→ **Records provided**
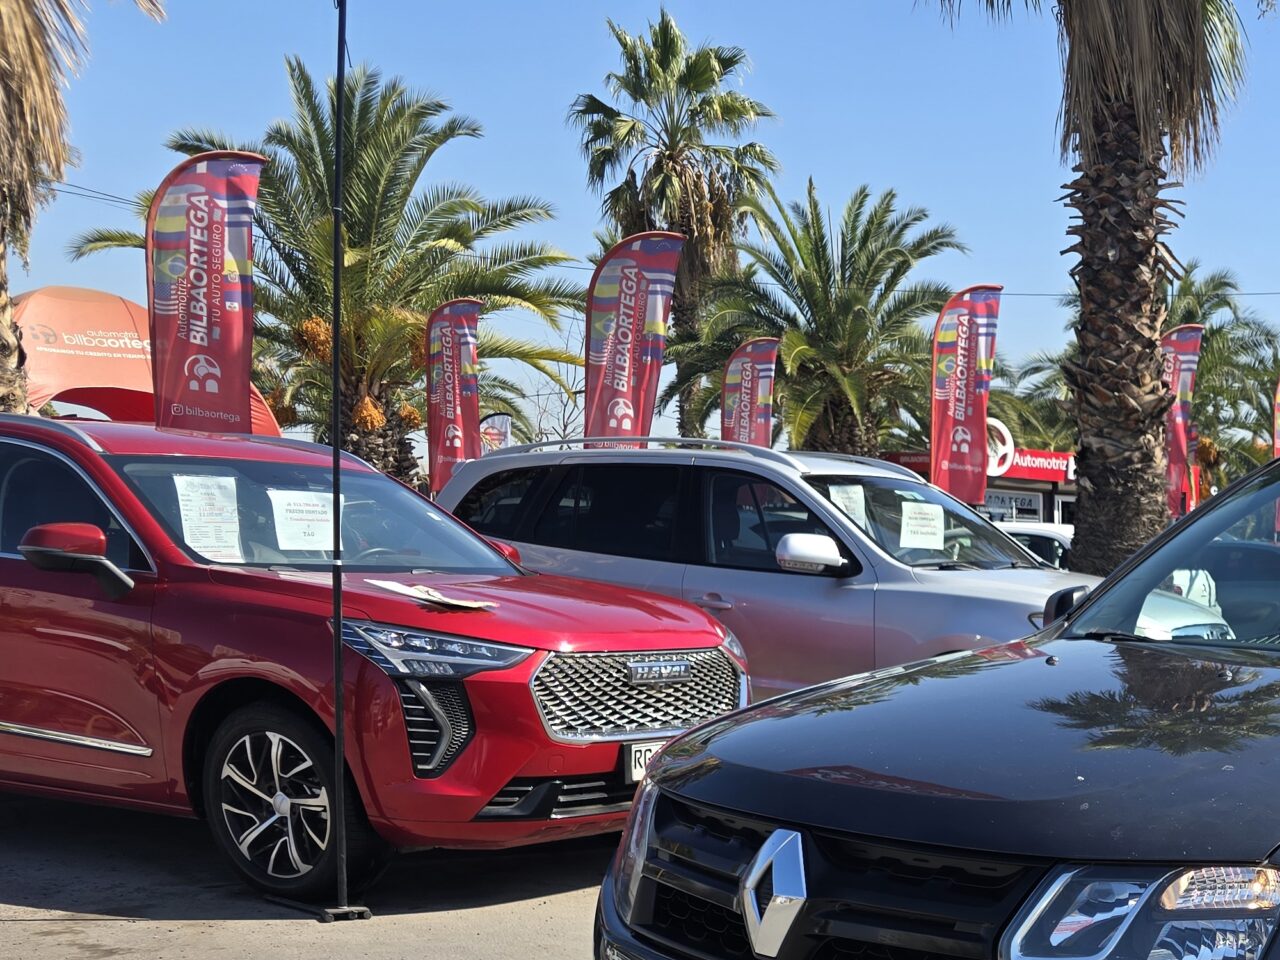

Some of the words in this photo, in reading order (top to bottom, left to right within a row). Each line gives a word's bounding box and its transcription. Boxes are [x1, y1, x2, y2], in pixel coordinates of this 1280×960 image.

[212, 224, 223, 270] SEGURO
[189, 194, 210, 347] BILBAORTEGA
[211, 273, 222, 305] AUTO
[177, 277, 188, 340] Automotriz
[211, 310, 221, 323] TU
[636, 292, 647, 331] SEGURO
[62, 332, 151, 351] bilbaorteg
[87, 330, 139, 339] automotriz
[613, 267, 639, 393] BILBAORTEGA
[633, 332, 642, 361] AUTO
[441, 326, 455, 420] BILBAORTEGA
[603, 333, 616, 386] Automotriz
[955, 314, 971, 421] BILBAORTEGA
[185, 405, 241, 422] bilbaortega
[740, 362, 753, 443] BILBAORTEGA
[1013, 452, 1068, 471] Automotriz
[636, 665, 687, 679] HAVAL

→ **Problem to solve**
Write out all the records exactly, omitting the images.

→ **Written solution**
Some of the words in this photo, in reading order (top to bottom, left to right within a row). Each line gives a word's bounding box and its transcription. Boxes are [x1, y1, x2, y2], in pixel coordinates of this 1280×960 image.

[212, 224, 223, 270] SEGURO
[189, 194, 210, 347] BILBAORTEGA
[211, 273, 222, 305] AUTO
[177, 277, 188, 340] Automotriz
[211, 310, 221, 323] TU
[636, 292, 647, 331] SEGURO
[62, 332, 151, 351] bilbaorteg
[87, 330, 139, 339] automotriz
[613, 267, 639, 393] BILBAORTEGA
[633, 332, 642, 361] AUTO
[441, 326, 455, 420] BILBAORTEGA
[603, 333, 616, 386] Automotriz
[955, 314, 971, 421] BILBAORTEGA
[185, 405, 241, 422] bilbaortega
[740, 362, 753, 443] BILBAORTEGA
[1013, 452, 1068, 471] Automotriz
[636, 665, 687, 679] HAVAL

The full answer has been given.